Start of Raw data

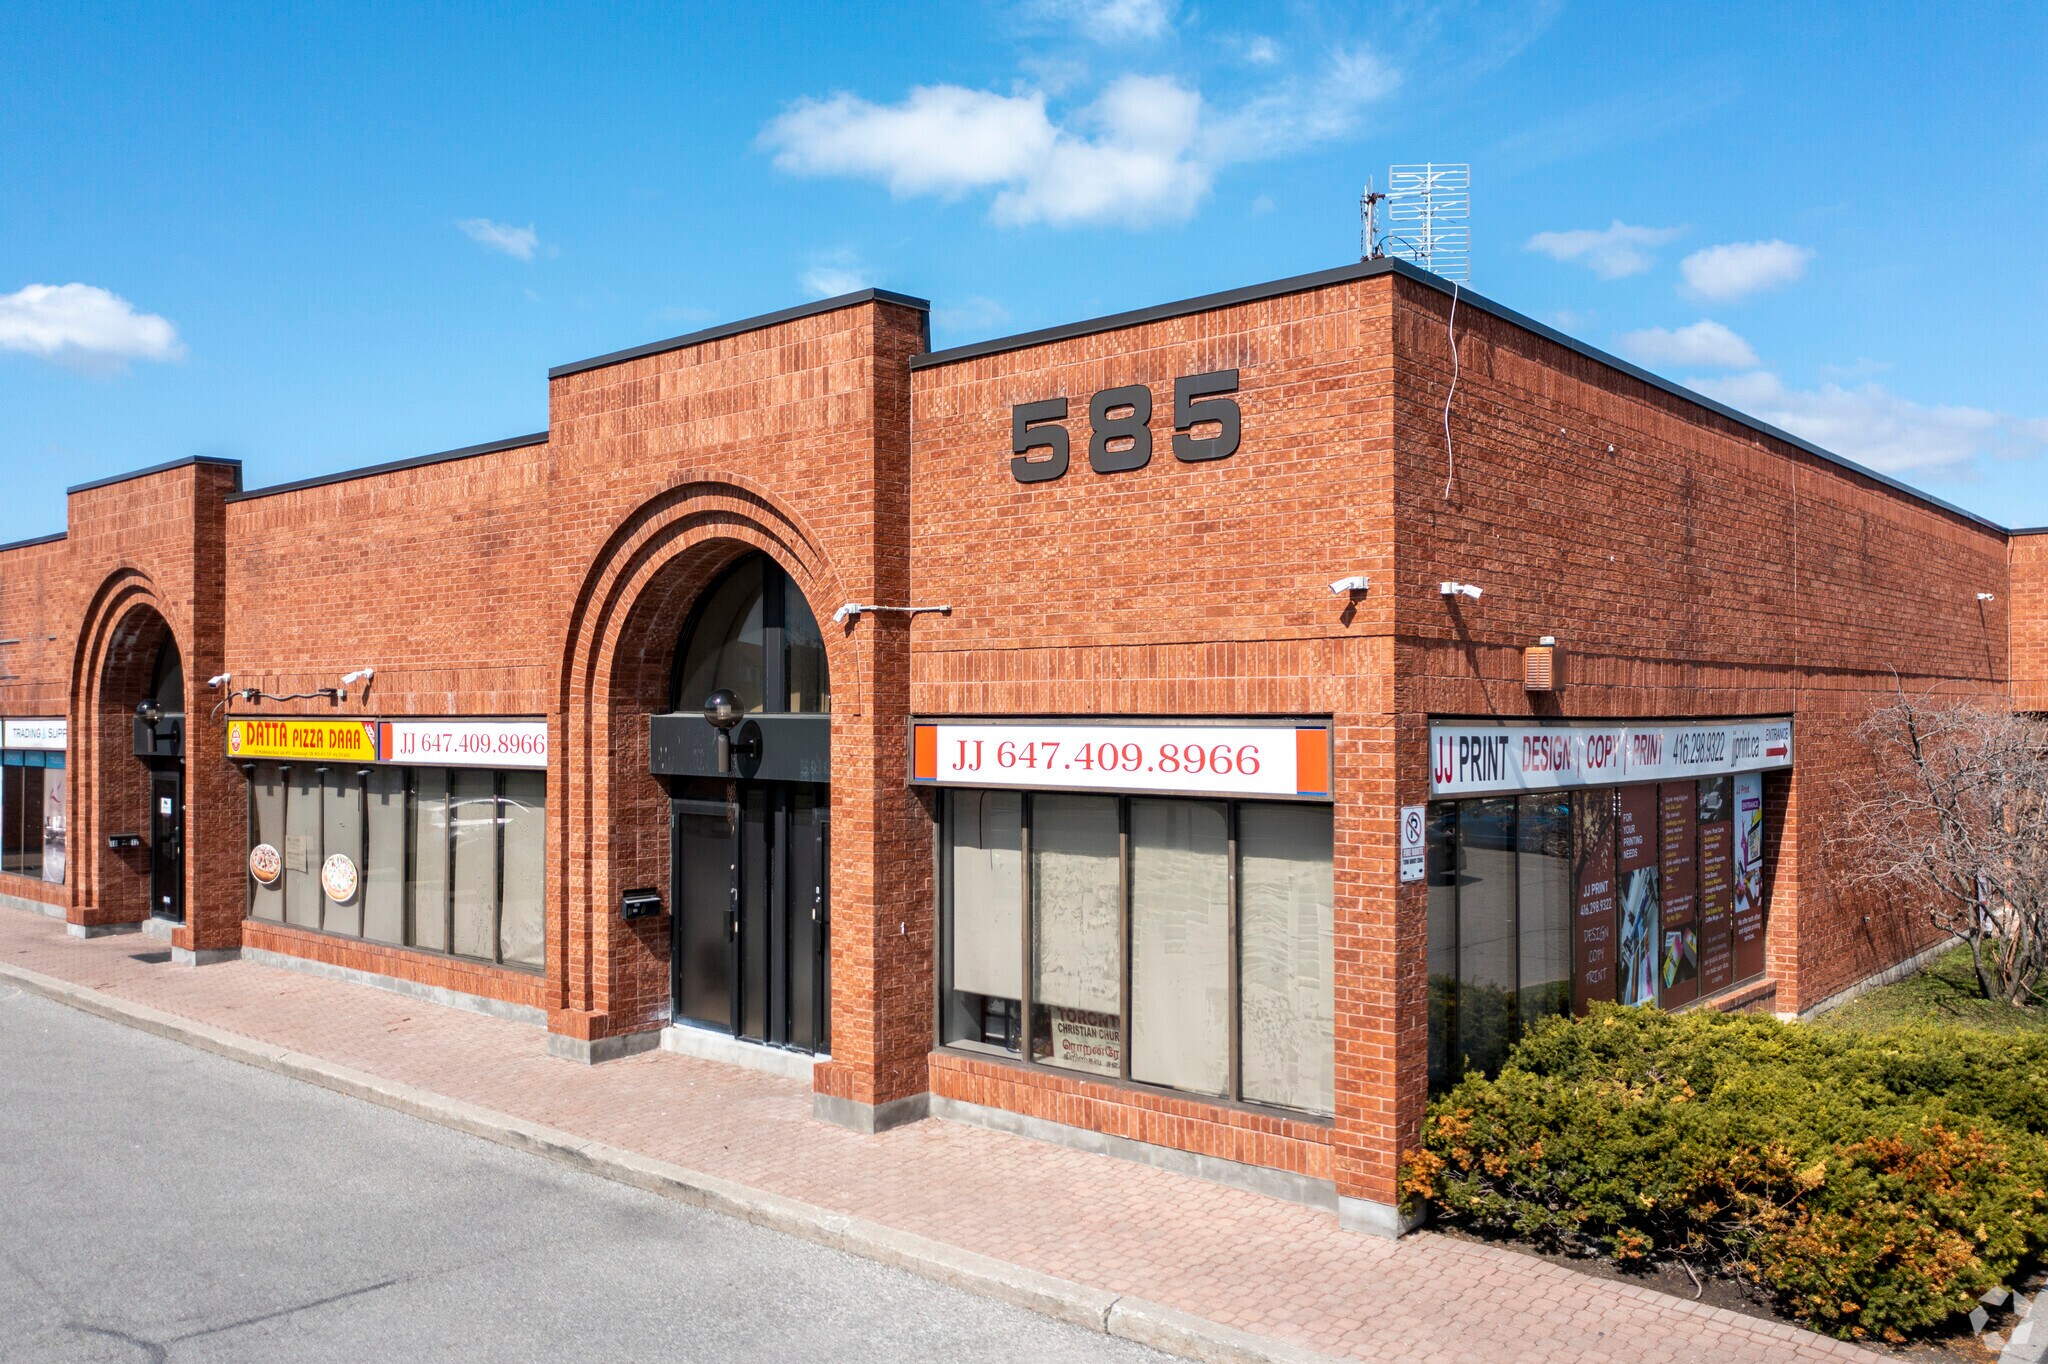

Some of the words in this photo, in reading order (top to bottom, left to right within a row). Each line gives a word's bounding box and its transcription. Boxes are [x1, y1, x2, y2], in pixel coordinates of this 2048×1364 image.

[1011, 368, 1241, 483] 585
[12, 727, 41, 738] TRADING
[247, 721, 287, 747] DATTA
[293, 728, 323, 748] PIZZA
[1765, 727, 1789, 741] ENTRANCE
[400, 733, 415, 754] JJ
[421, 733, 545, 754] 647.409.8966
[952, 740, 984, 771] JJ
[996, 740, 1260, 776] 647.409.8966
[1434, 736, 1454, 784] JJ
[1459, 736, 1509, 782] PRINT
[1522, 735, 1571, 772] DESIGN
[1587, 734, 1620, 769] COPY
[1632, 733, 1664, 767] PRINT
[1673, 731, 1725, 765] 416.298.9322
[1742, 800, 1759, 810] ENTRANCE
[1623, 813, 1632, 822] FOR
[1623, 825, 1636, 834] YOUR
[1623, 835, 1643, 846] PRINTING
[1623, 848, 1638, 859] NEEDS
[1583, 885, 1591, 898] JJ
[1591, 880, 1609, 895] PRINT
[1580, 898, 1613, 916] 416.298.9322
[1583, 925, 1609, 943] DESIGN
[1588, 947, 1605, 963] COPY
[1586, 968, 1608, 984] PRINT
[1058, 1022, 1097, 1038] CHRISTIAN
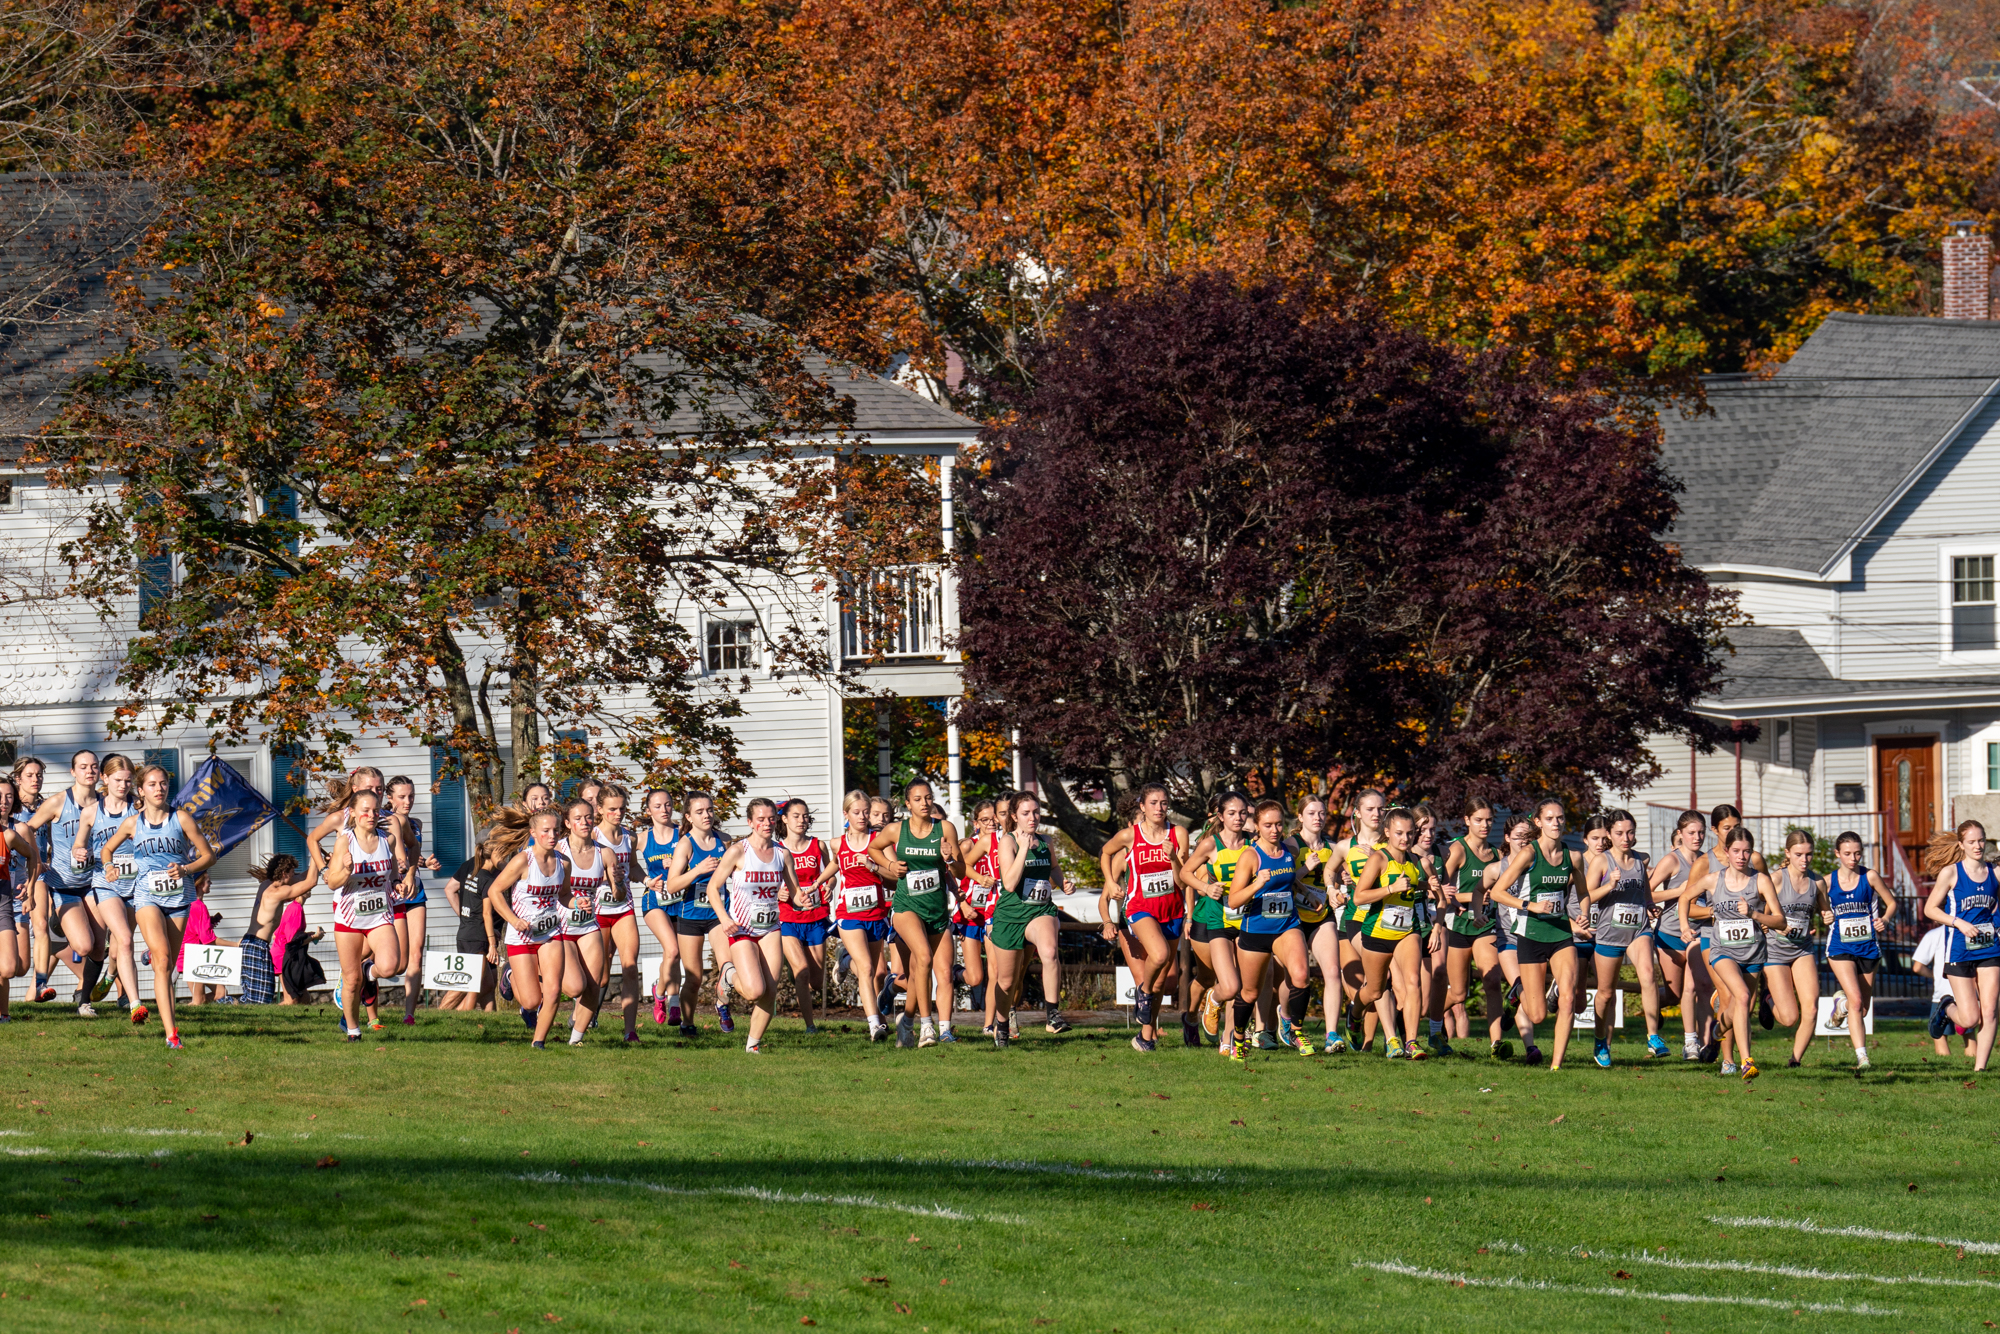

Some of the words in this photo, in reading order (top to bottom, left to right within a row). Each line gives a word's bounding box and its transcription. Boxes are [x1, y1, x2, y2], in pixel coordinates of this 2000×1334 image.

[136, 837, 182, 858] TITANS
[905, 847, 937, 856] CENTRAL
[794, 855, 817, 870] HS
[1025, 858, 1051, 867] CENTRAL
[155, 879, 178, 892] 513
[913, 877, 935, 890] 418
[1147, 879, 1169, 893] 415
[1542, 875, 1568, 884] DOVER
[1028, 888, 1048, 900] 419
[359, 897, 383, 912] 608
[852, 895, 872, 907] 414
[1269, 901, 1288, 914] 817
[538, 914, 558, 931] 607
[757, 911, 777, 924] 612
[1392, 914, 1404, 927] 71
[1618, 913, 1639, 925] 194
[1725, 928, 1749, 941] 192
[1844, 924, 1867, 938] 458
[1970, 931, 1991, 944] 456
[203, 948, 224, 964] 17
[444, 954, 464, 971] 18

End of Raw data

> Your objective
The records above are to be transcribed exactly, with every picture left out.

> Task solution
Some of the words in this photo, in reading order (top to bottom, left to right within a row). Each line gives a word's bounding box and its transcription. Boxes are [x1, y1, x2, y2], in pixel coordinates of this 2048×1364 image.

[1011, 368, 1241, 483] 585
[12, 727, 41, 738] TRADING
[247, 721, 287, 747] DATTA
[293, 728, 323, 748] PIZZA
[1765, 727, 1789, 741] ENTRANCE
[400, 733, 415, 754] JJ
[421, 733, 545, 754] 647.409.8966
[952, 740, 984, 771] JJ
[996, 740, 1260, 776] 647.409.8966
[1434, 736, 1454, 784] JJ
[1459, 736, 1509, 782] PRINT
[1522, 735, 1571, 772] DESIGN
[1587, 734, 1620, 769] COPY
[1632, 733, 1664, 767] PRINT
[1673, 731, 1725, 765] 416.298.9322
[1742, 800, 1759, 810] ENTRANCE
[1623, 813, 1632, 822] FOR
[1623, 825, 1636, 834] YOUR
[1623, 835, 1643, 846] PRINTING
[1623, 848, 1638, 859] NEEDS
[1583, 885, 1591, 898] JJ
[1591, 880, 1609, 895] PRINT
[1580, 898, 1613, 916] 416.298.9322
[1583, 925, 1609, 943] DESIGN
[1588, 947, 1605, 963] COPY
[1586, 968, 1608, 984] PRINT
[1058, 1022, 1097, 1038] CHRISTIAN

Some of the words in this photo, in reading order (top to bottom, left to right within a row). Each line gives a word's bounding box and its transcription. Boxes are [x1, y1, x2, y2], in pixel coordinates of this 2000×1334 image.

[136, 837, 182, 858] TITANS
[905, 847, 937, 856] CENTRAL
[794, 855, 817, 870] HS
[1025, 858, 1051, 867] CENTRAL
[155, 879, 178, 892] 513
[913, 877, 935, 890] 418
[1147, 879, 1169, 893] 415
[1542, 875, 1568, 884] DOVER
[1028, 888, 1048, 900] 419
[359, 897, 383, 912] 608
[852, 895, 872, 907] 414
[1269, 901, 1288, 914] 817
[538, 914, 558, 931] 607
[757, 911, 777, 924] 612
[1392, 914, 1404, 927] 71
[1618, 913, 1639, 925] 194
[1725, 928, 1749, 941] 192
[1844, 924, 1867, 938] 458
[1970, 931, 1991, 944] 456
[203, 948, 224, 964] 17
[444, 954, 464, 971] 18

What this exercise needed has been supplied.